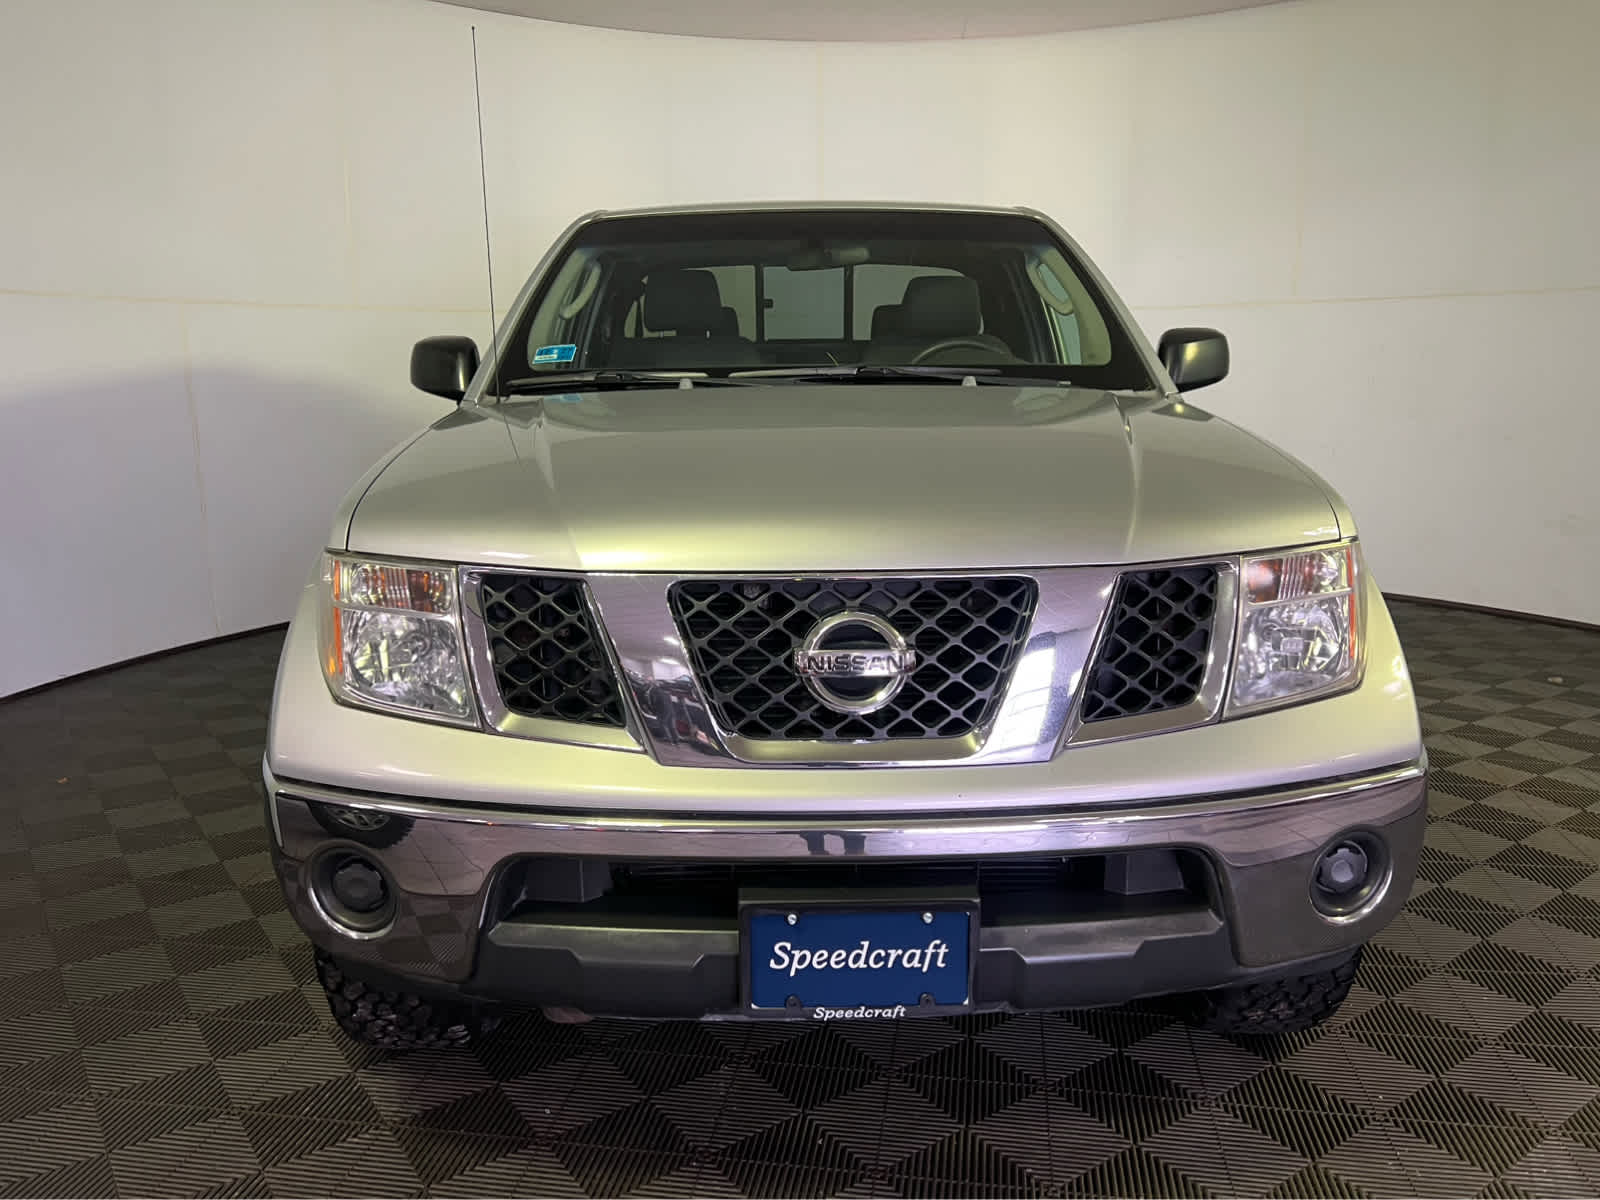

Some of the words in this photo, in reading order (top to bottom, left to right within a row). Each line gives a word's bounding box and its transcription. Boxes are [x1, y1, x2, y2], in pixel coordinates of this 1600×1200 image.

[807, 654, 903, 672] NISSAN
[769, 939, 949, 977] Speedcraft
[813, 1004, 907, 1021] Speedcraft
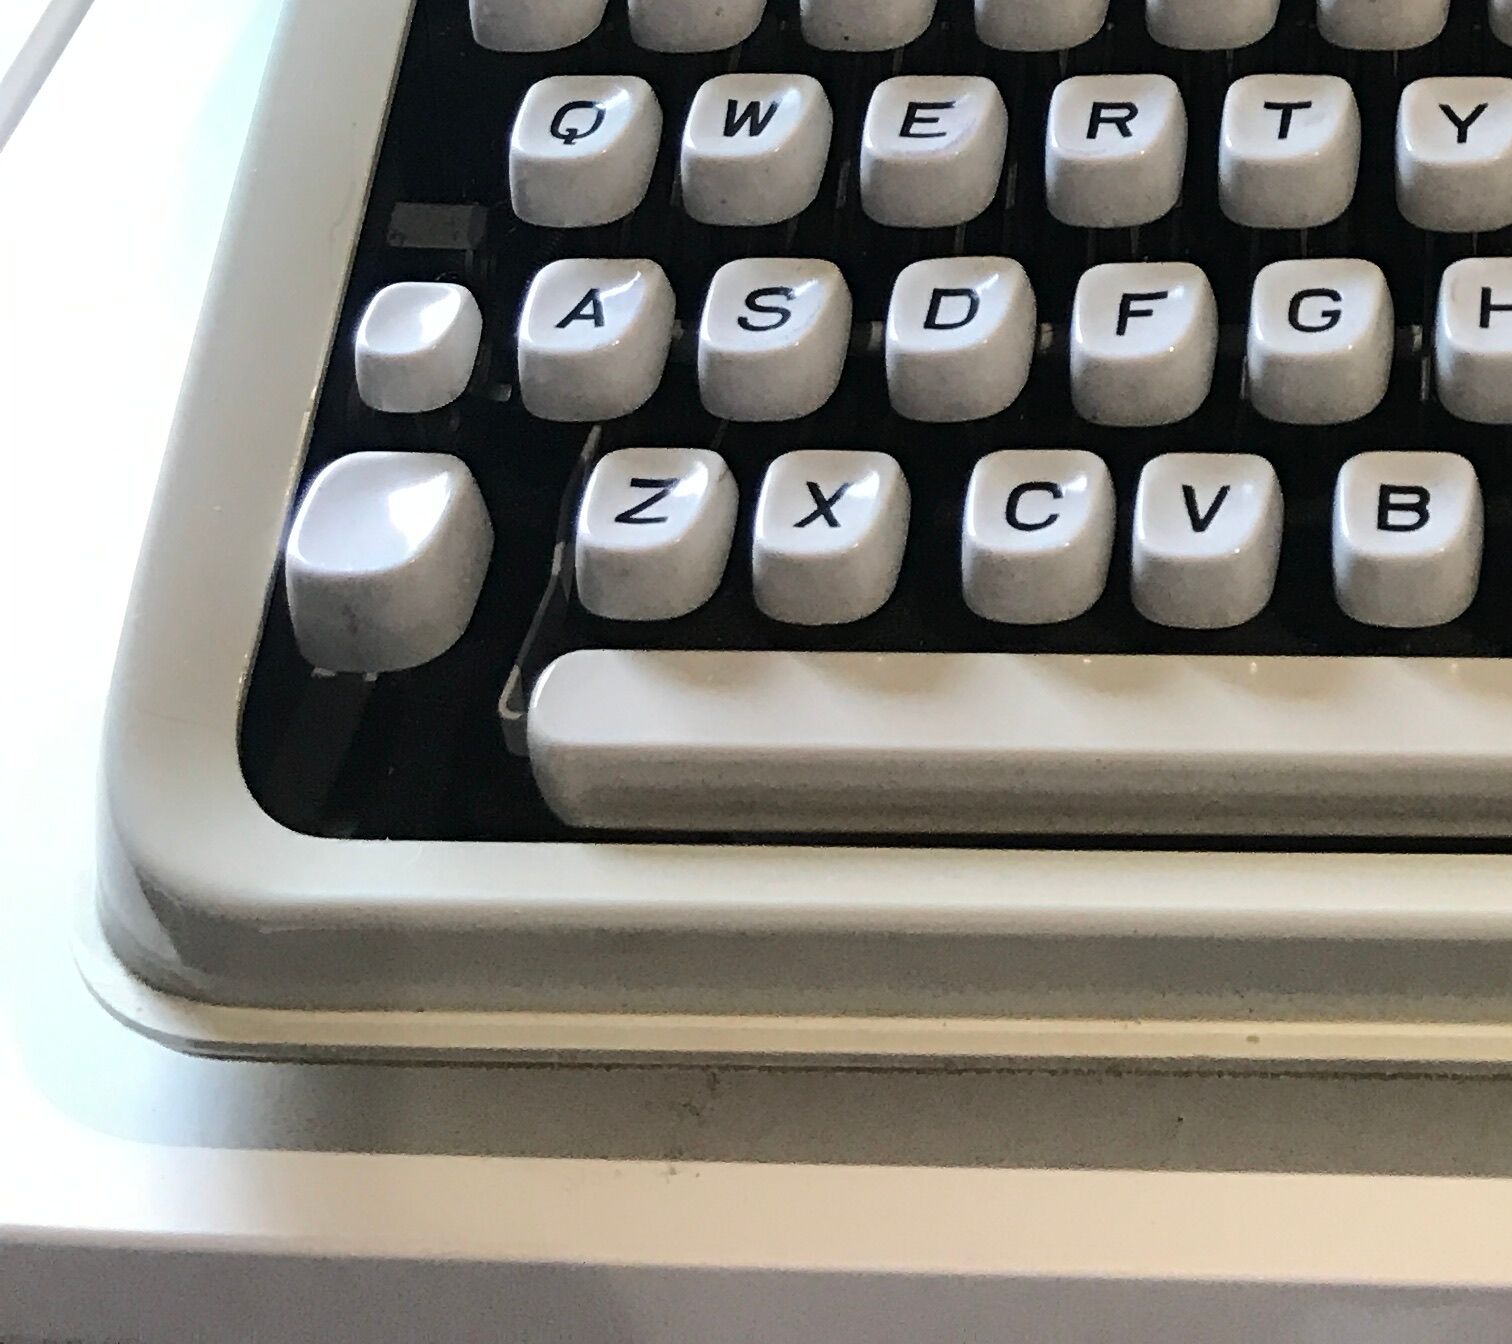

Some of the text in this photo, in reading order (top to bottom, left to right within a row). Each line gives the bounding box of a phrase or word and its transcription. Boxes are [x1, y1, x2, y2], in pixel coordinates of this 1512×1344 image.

* * * *

Restate the whole of the material word for word without the pictures.

RESPONSE TO THIS TASK =
Some of the words in this photo, in reading order (top to bottom, left to right within a row). Each line gives a word's bounding box and its transcription. Boxes are [x1, y1, x2, y2], in pixel coordinates of this 1600×1200 image.

[807, 654, 903, 672] NISSAN
[769, 939, 949, 977] Speedcraft
[813, 1004, 907, 1021] Speedcraft

Some of the text in this photo, in reading order (top to bottom, left to right within a row). Each line gives the bounding box of a phrase or word and its transcription. Boxes are [x1, y1, x2, y2], in pixel coordinates of this 1512×1344 image.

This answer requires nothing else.